Email authentication standards get updated and created over time. As technology shifts, so too do associations surrounding email authentication. For instance, BIMI is a new email authentication standard created to further help brands protect themselves. Positioning your email strategy to acknowledge and embrace developments in email authentication keeps deliverability stable from year to year. Companies that go above and beyond to continuously educate themselves are much less likely to run into issues down the line with security, brand perception, or customer satisfaction. Anticipating changes down the line keeps deliverability on the right track for stricter standards and implementations in the future.
Conclusion
Without a doubt, knowing what SPF, DKIM, and DMARC are and how to properly implement them brings about sustained success for email deliverability, continued trust from subscribers, and overall effective campaigns. Email authentication is the necessary first step to gaining credibility in a crowded digital space, as emails sent to inundated inboxes are placed in better queues by receiving Internet Service Providers (ISPs) when they show compliance with these authentication measures.
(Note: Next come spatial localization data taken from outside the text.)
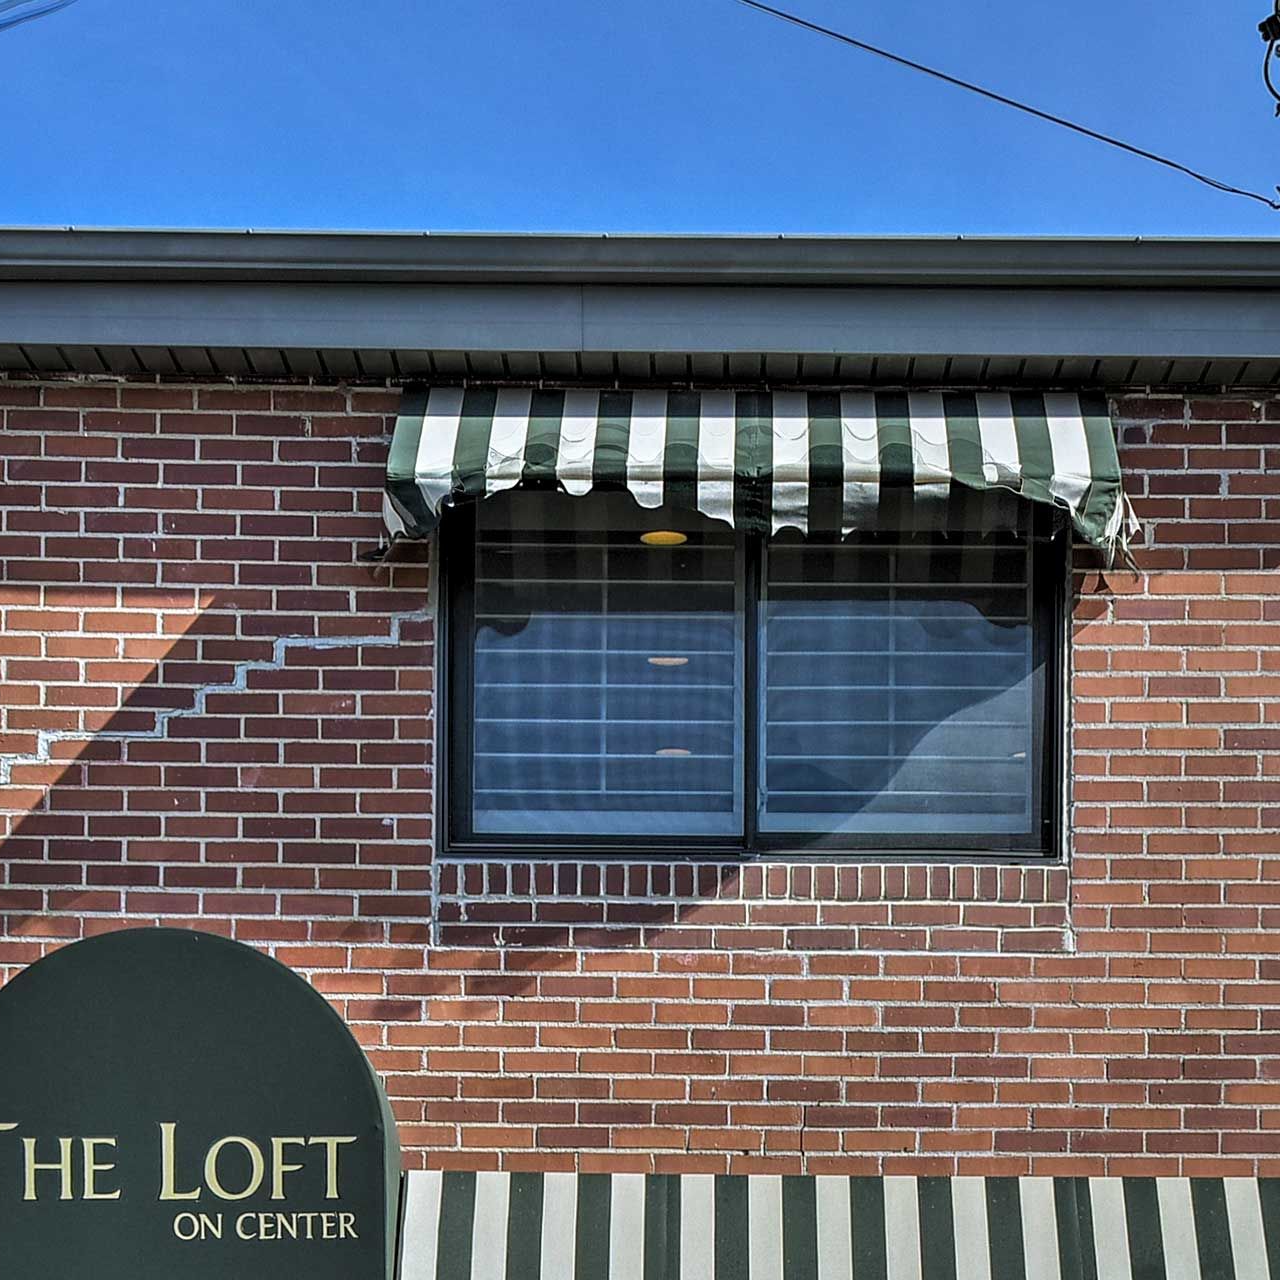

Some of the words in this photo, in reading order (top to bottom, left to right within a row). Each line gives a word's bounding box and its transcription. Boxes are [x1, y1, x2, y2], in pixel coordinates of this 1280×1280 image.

[157, 1122, 358, 1201] LOFT
[173, 1212, 223, 1241] ON
[236, 1211, 359, 1240] CENTER
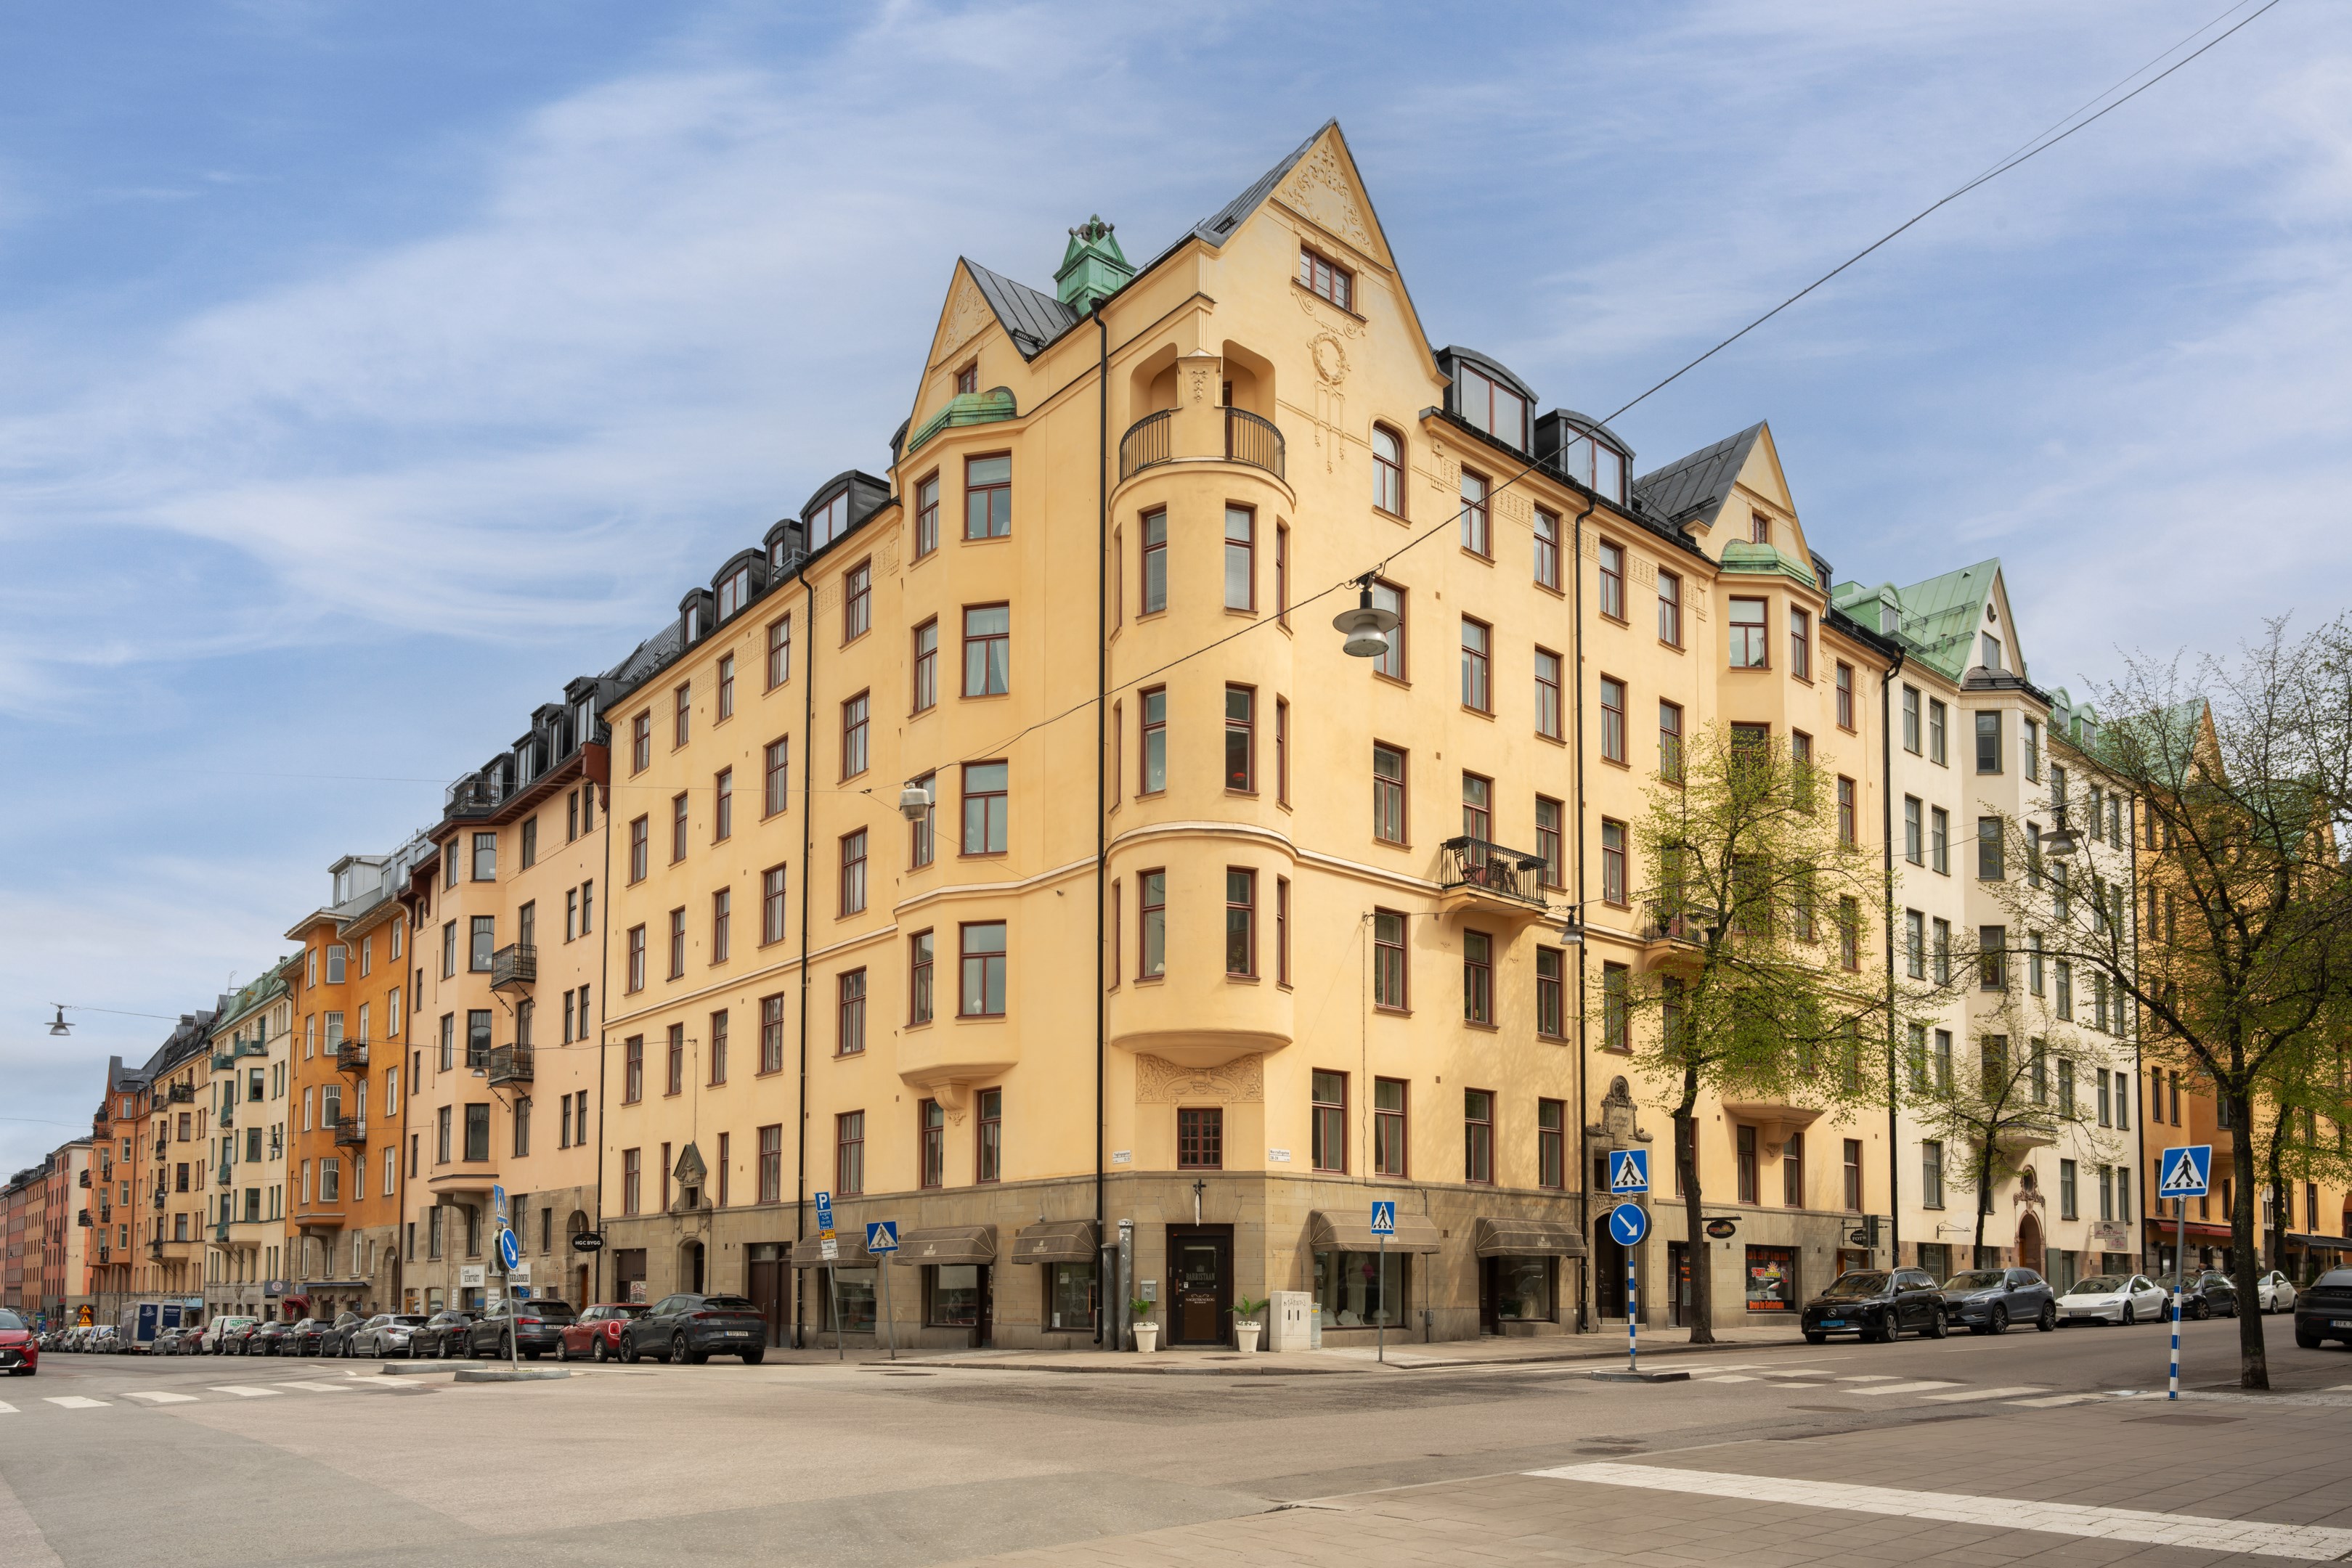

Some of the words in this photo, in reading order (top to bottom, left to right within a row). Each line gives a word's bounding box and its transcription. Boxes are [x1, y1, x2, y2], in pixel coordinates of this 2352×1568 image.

[818, 1193, 828, 1209] P
[1186, 1273, 1215, 1281] BARRISTAAN
[1749, 1300, 1759, 1310] Drop
[1765, 1300, 1784, 1310] Solarium
When marketers know how to install, maintain, and use appropriate SPF, DKIM, and DMARC authentications, the likelihood of their emails getting flagged as spam or getting blocked by a receiving server is drastically reduced. Authentication legitimizes to ISPs that this email really comes from who it says it’s from and exponentially enhances sender reputation in the process. Not to mention, DMARC reports ensure transparency for email marketers, as they show how well an email performed but also when something goes wrong, providing actionable data to make corrections in the moment so email deliverability remains intact under the great scrutiny of ISPs.
Furthermore, over time, adjusting settings can be done based on performance alluded to by DMARC reports which show what ISPs have to say about email performance based on changing thresholds and industry standards over time. Whatever the case, checking SPF, DKIM, and DMARC settings just to be sure over the course of time allows for a retained quality of previously established high deliverability rates, all while avoiding fraud.
All of this helps build a better relationship with the subscriber, as the more consistent an email sender can prove their legitimate email presence, the more frequently they’ll find their email sent to subscribers’ inboxes full of useful information. This establishes a relationship built on trust as the subscribers become reliant upon the infrequently fraudulent notions of where email delivery typically falls.
Ultimately, all of this gives the sender a sense of power, as it proves that having SPF, DKIM, and DMARC protections put into place creates a fortress for themselves within the email deliverability domain. Thus, DMARC, SPF, and DKIM fuel sustained success for those who understand how and why they work and adjust over time to foster increased subscriber trust and campaign success.